He emphasized that open source is not only about sharing technology but also a cultural expression, and a true moat lies in the team's continuous innovative ability. DeepSeek's unique organizational culture encourages bottom-up innovation, flattens hierarchies, and values the passion and creativity of talent.


The team is mainly composed of young people from top universities, adopting a natural division of labor model that allows employees to explore and collaborate autonomously. When recruiting, the focus is more on the employees' passion and curiosity rather than traditional experience and background.


Regarding the industry outlook, Liang Wenfeng believes that AI is currently in a period of technological innovation explosion rather than application explosion. He emphasized that China needs more original technological innovations, cannot always be in the imitation stage, and needs people to stand at the forefront of technology.


Even though companies like OpenAI are currently in a leading position, there are still opportunities for innovation.



Surging into Silicon Valley, Deepseek Makes Waves in the Overseas AI Community


While opinions in the industry about DeepSeek vary, we have also collected some comments from industry insiders.


Jim Fan, head of the NVIDIA GEAR Lab project, highly praised the DeepSeek-R1.


He pointed out that this represents non-U.S. companies practicing OpenAI's original open mission by influencing through openly sharing core algorithms, learning curves, etc., and subtly referencing OpenAI.


DeepSeek-R1 not only open-sourced a series of models but also revealed all training secrets. They may be the first to showcase a significant and continuously growing RL flywheel open-source project.
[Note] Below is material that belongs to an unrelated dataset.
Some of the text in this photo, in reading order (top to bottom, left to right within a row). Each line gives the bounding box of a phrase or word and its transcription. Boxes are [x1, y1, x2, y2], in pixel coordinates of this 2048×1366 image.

Influence can be achieved either through 'ASI internalization' or 'Strawberry Plan' legendary projects or simply by openly sharing core algorithms and matplotlib learning curves.


Wall Street's top-tier venture capitalist A16Z founder Marc Andreesen believes that DeepSeek R1 is one of the most amazing and impressive breakthroughs he has ever seen, and as an open-source project, it is a profoundly meaningful gift to the world.
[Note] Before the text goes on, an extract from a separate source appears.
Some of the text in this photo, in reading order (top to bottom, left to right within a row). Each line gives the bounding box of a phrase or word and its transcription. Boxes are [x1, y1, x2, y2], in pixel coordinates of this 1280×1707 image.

Former Tencent senior researcher and Beijing University AI postdoctoral Lu Jing analyzed from a technical accumulation perspective. He pointed out that DeepSeek did not suddenly become popular; it inherited many innovations from the previous generations of model versions, and the related model architectures and algorithm innovations have been iteratively validated, making its industry-shaking impact inevitable.


Turing Award winner and Meta Chief AI Scientist Yann LeCun proposed a new perspective:


"For those who, after seeing DeepSeek's performance, feel that 'China is surpassing the U.S. in AI,' your interpretation is wrong. The correct interpretation should be that 'open-source models are surpassing proprietary models.'"



DeepMind CEO Demis Hassabis expressed a hint of concern in his evaluation:


"The achievements it (DeepSeek) has made are impressive. I believe we need to consider how to maintain the leading position of Western cutting-edge models. I think the West is still ahead, but it is certain that China has extremely strong engineering and scaling capabilities."


Microsoft CEO Satya Nadella stated at the World Economic Forum in Davos, Switzerland, that DeepSeek has effectively developed an open-source model that not only performs well in inference computing but also boasts highly efficient supercomputing capabilities.


He emphasized that Microsoft must respond to China's breakthrough advances with the highest level of attention.


Meta CEO Mark Zuckerberg's evaluation goes even further, as he believes that the technology prowess and performance demonstrated by DeepSeek are impressive. He points out that the AI gap between the U.S. and China has become negligible, with China's full-on sprint making this competition even more intense.


The response from competitors may be the best recognition of DeepSeek. According to Meta employees' revelations on the anonymous workplace community TeamBlind, the emergence of DeepSeek-V3 and R1 has plunged Meta's generative AI team into panic.


Meta's engineers are racing against the clock to analyze DeepSeek's technology, trying to replicate any possible techniques from it.


The reason is that the training cost of DeepSeek-V3 is only $5.58 million, a figure even less than the annual salary of some Meta executives. With such a stark input-output ratio, Meta's management feels immense pressure when explaining its massive AI research and development budget.



The international mainstream media has also paid close attention to DeepSeek's rise.


The Financial Times pointed out that DeepSeek's success has overturned the traditional belief that "AI research and development must rely on massive investment," proving that a precise technological roadmap can also achieve outstanding research results. More importantly, the DeepSeek team's selfless sharing of technology innovation has made this research-value-focused company an exceptionally strong competitor.


The Economist stated that the rapid breakthrough in cost-effectiveness of Chinese AI technology has begun to shake America's technological advantage, which could affect the U.S.'s productivity growth and economic potential in the next decade.



The New York Times approached the topic from another perspective, noting that DeepSeek-V3 is on par with high-end chatbots from American companies in terms of performance but at a significantly lower cost.


This suggests that even under chip export controls, Chinese companies can compete through innovation and efficient resource utilization. Moreover, the U.S. government's chip restriction policies may backfire, actually driving China's innovative breakthroughs in open-source AI technology.


DeepSeek "Knocks on the Door," Claims to Be GPT-4


Amid a wave of praise, DeepSeek also faces some controversy.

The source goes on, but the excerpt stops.